That inquisitive attitude has informed Farrar’s songwriting from its first notes, resulting in a bittersweet body of work that provides a virtual road map over the last decade-plus of the country’s ethos (not always a pretty picture). Terroir Blues, Farrar’s second full-length solo record and the first released through his new label, maintains his critical approach while sonically combining elements from both his early career and Sebastopol, his first solo effort, in 12 classic Farrar songs, four alternate takes and seven brief musical interludes.

Farrar used a set lineup of musicians and recorded live in the studio as much as possible, two key differences from Sebastopol. With touring mate Mark Spencer (on piano, guitars and lap steel), Superchunk drummer Jon Wurster, St. Louis alt-country fixture John Horton on guitar and bass, and ex-Son Volt pedal steel wizard Eric Heywood, the songs on Terroir Blues have a stark, spacious feel compared to Sebastopol.
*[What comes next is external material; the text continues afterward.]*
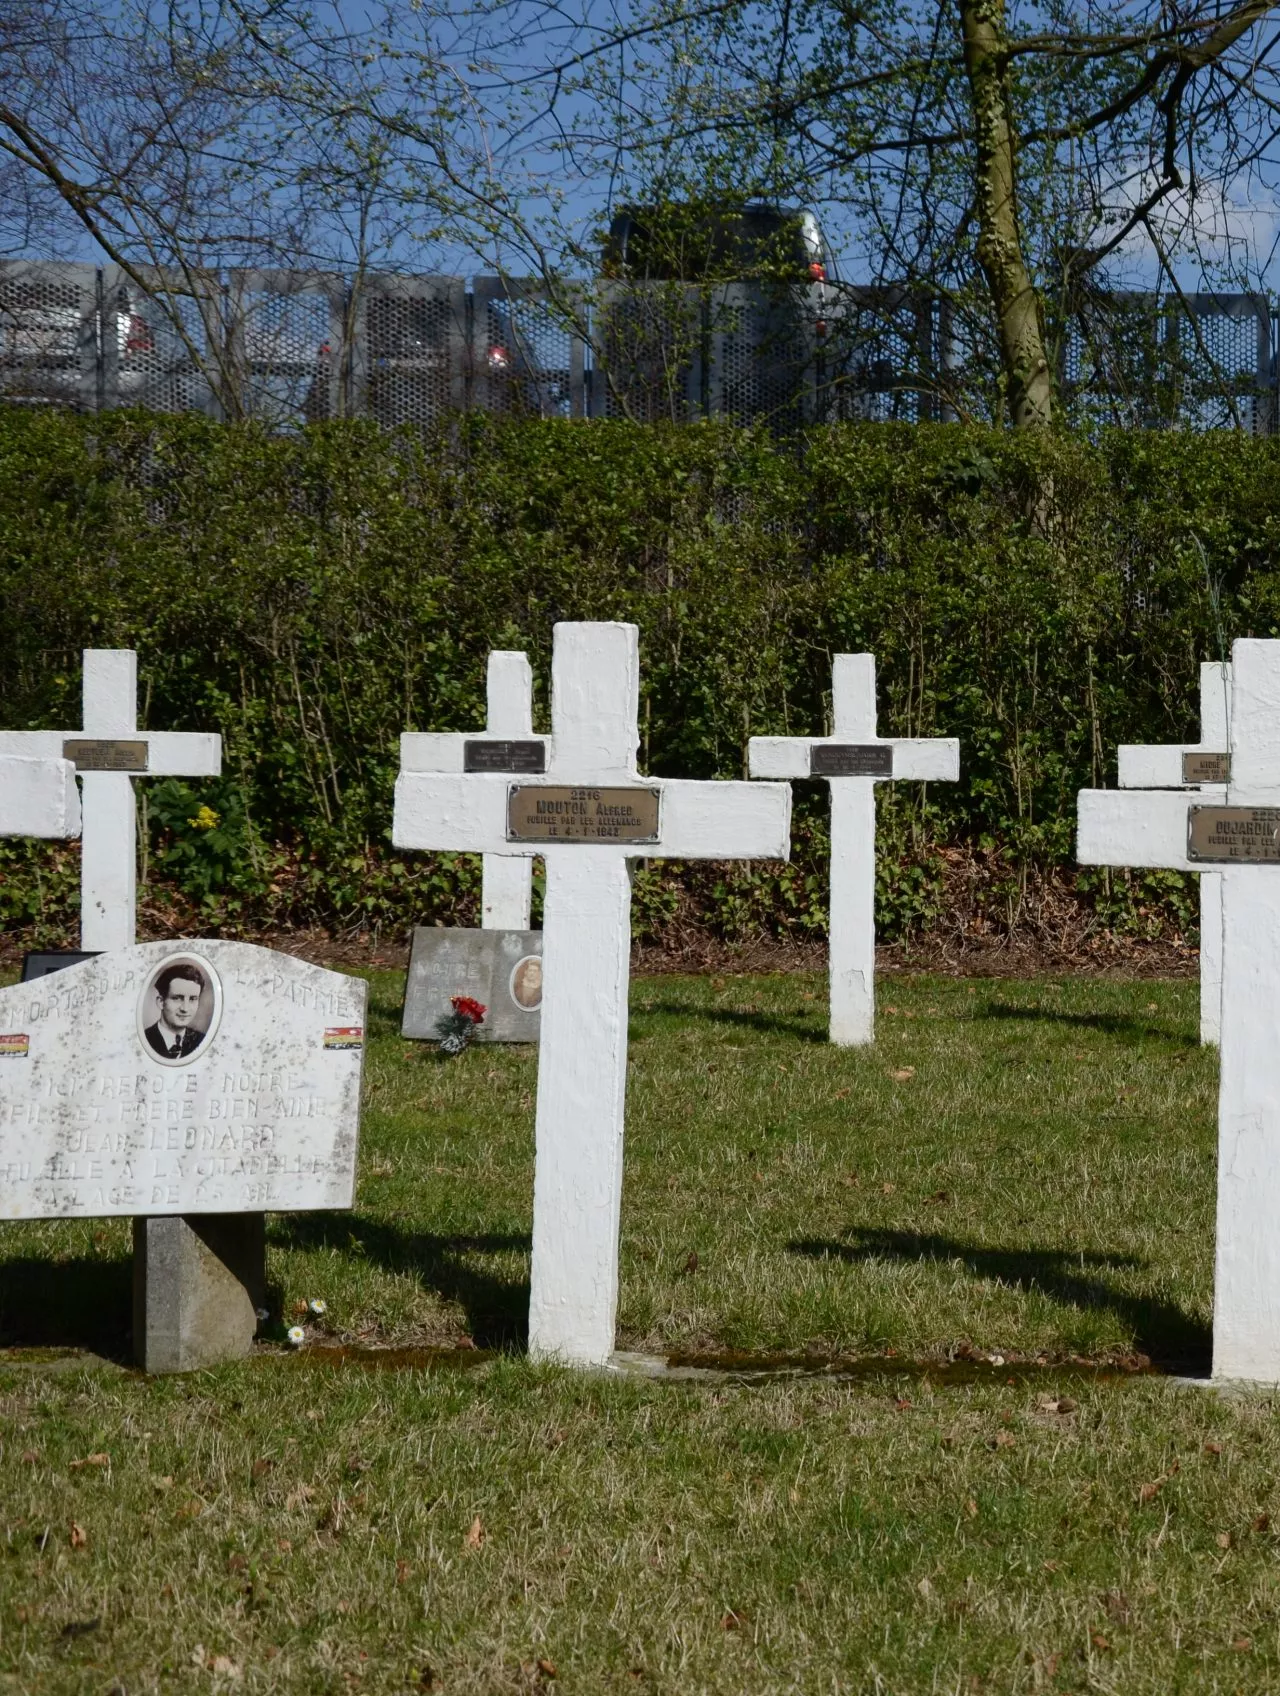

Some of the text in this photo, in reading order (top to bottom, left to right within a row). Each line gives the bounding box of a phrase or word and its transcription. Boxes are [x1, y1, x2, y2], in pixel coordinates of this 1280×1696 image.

[536, 800, 587, 814] MOUTON
[1216, 821, 1276, 836] DUJARDIN
[222, 1072, 298, 1093] NOTRE
[152, 1185, 180, 1204] DE
Apropos of the new record’s subject matter and tenor, the songs seem to spread out in front of the listener like wide-open vistas to the horizon.

“Working with Jay is a pretty open situation,” said Spencer, the Blood Oranges guitarist who has spent the last couple of years touring with Farrar in a relaxed duo configuration. “It’s pretty rare that he says, ‘Hey, I don’t like that.’ The whole process is very … organic.”
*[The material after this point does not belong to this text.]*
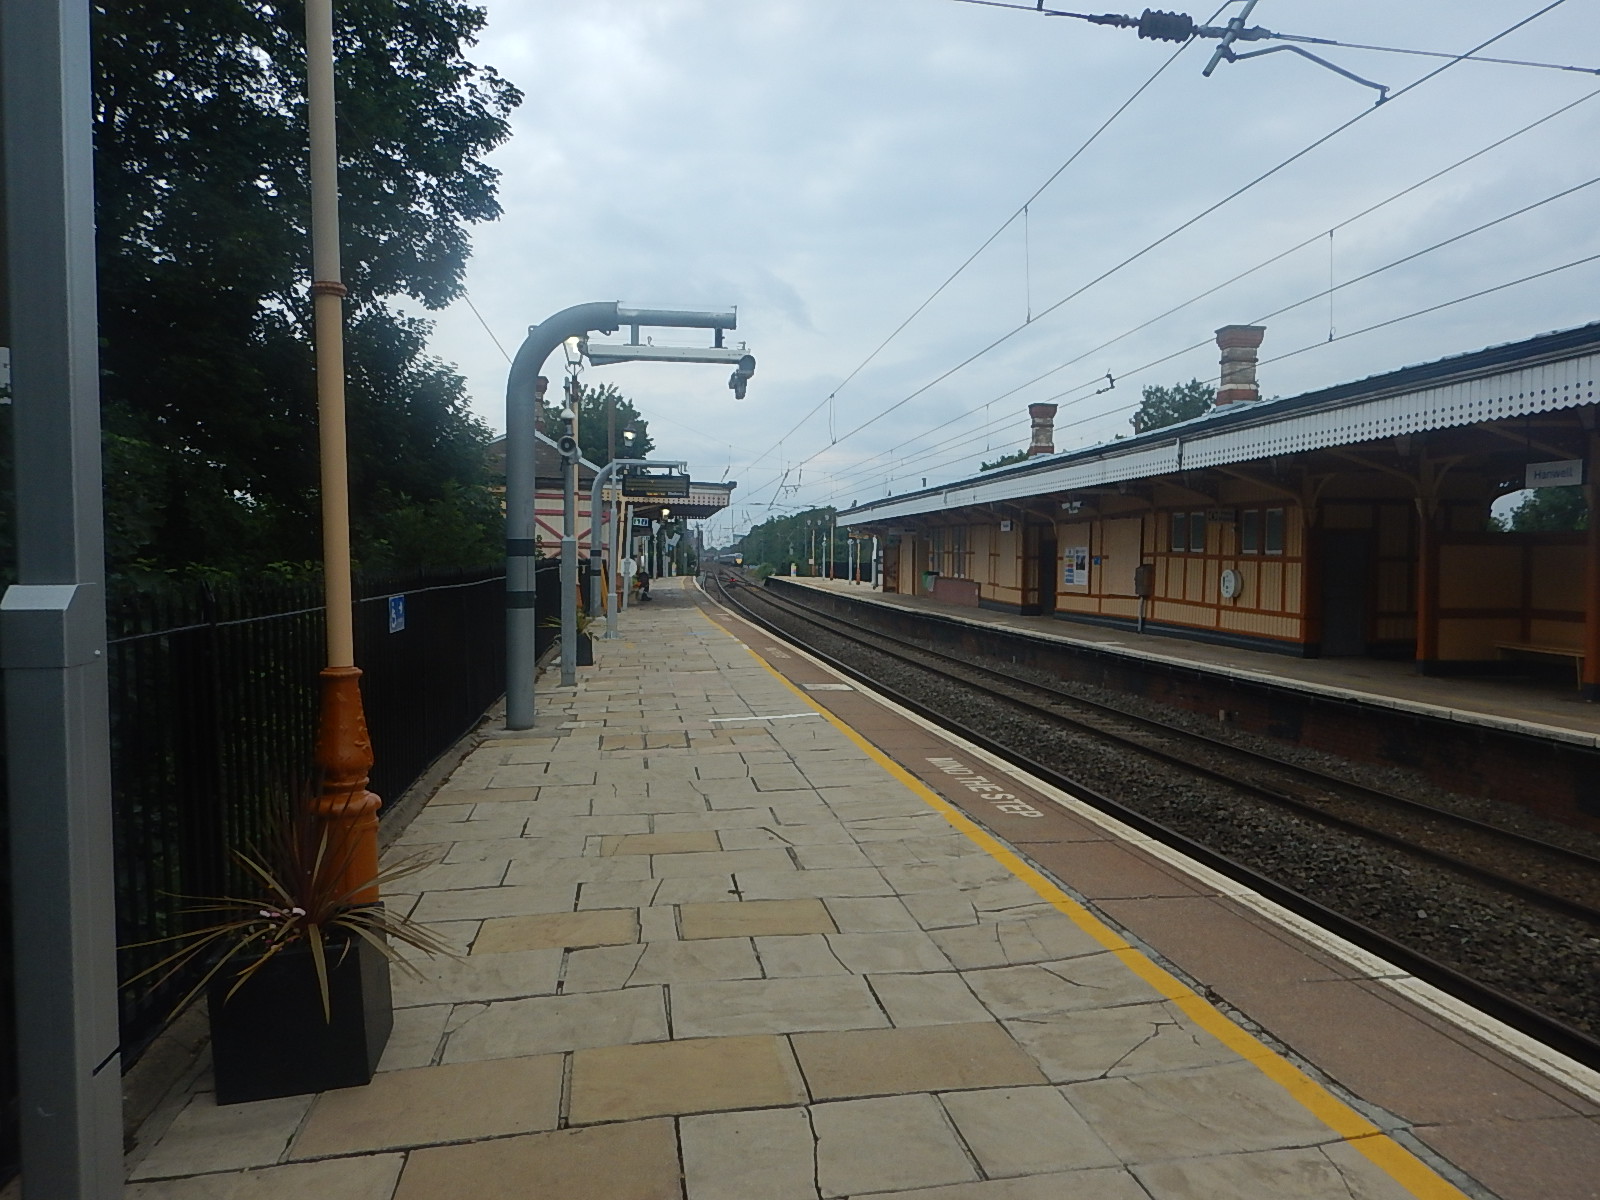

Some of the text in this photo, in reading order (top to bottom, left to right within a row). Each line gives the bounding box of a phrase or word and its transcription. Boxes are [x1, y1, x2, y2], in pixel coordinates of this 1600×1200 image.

The full-band cuts, like “Hanging On to You,” “Heart On the Ground,” and “All of Your Might,” benefit most from the live approach and crackle with crisp intensity. Other compositions feature Farrar paired only with Spencer or Heywood, each seemingly trying to out-awe the other in creating sinuous, atmospheric lines around Farrar’s warm baritone. The return of Heywood on “Hard Is the Fall,” “California,” and “Dent County” should warm the hearts of die-hard Son Volt fans. I’d been away from pedal steel guitar for a long time and I really like Eric’s playing,” Farrar said by way of explanation. “His strong point is that he’s able to walk in, hear a song a couple of times and then play an amazing part.”

In keeping with Farrar’s experimental side, two songs add accompaniment from instruments he hadn’t worked with before. Janice Reiman’s rich cello is the perfect contrapuntal for Farrar’s baritone guitar lines on the haunting ode to the transitory nature of societies, “Cahokian,” while Lou Winer’s flute trails along with Farrar’s acoustic when the two go “Out On the Road.”

Farrar also placed six interludes throughout the record and dubbed them “Space Junk.” Ranging in length from 30 seconds to just under one minute, Farrar molded the backward-sounding instrumentals using a synthesizer, a piano, and an electric saz, normally an acoustic wind instrument from Turkey. The resulting pieces are clearly reminiscent of the Beatles’ Revolver, a long-time favorite of Farrar’s and an inspirational touchstone for these.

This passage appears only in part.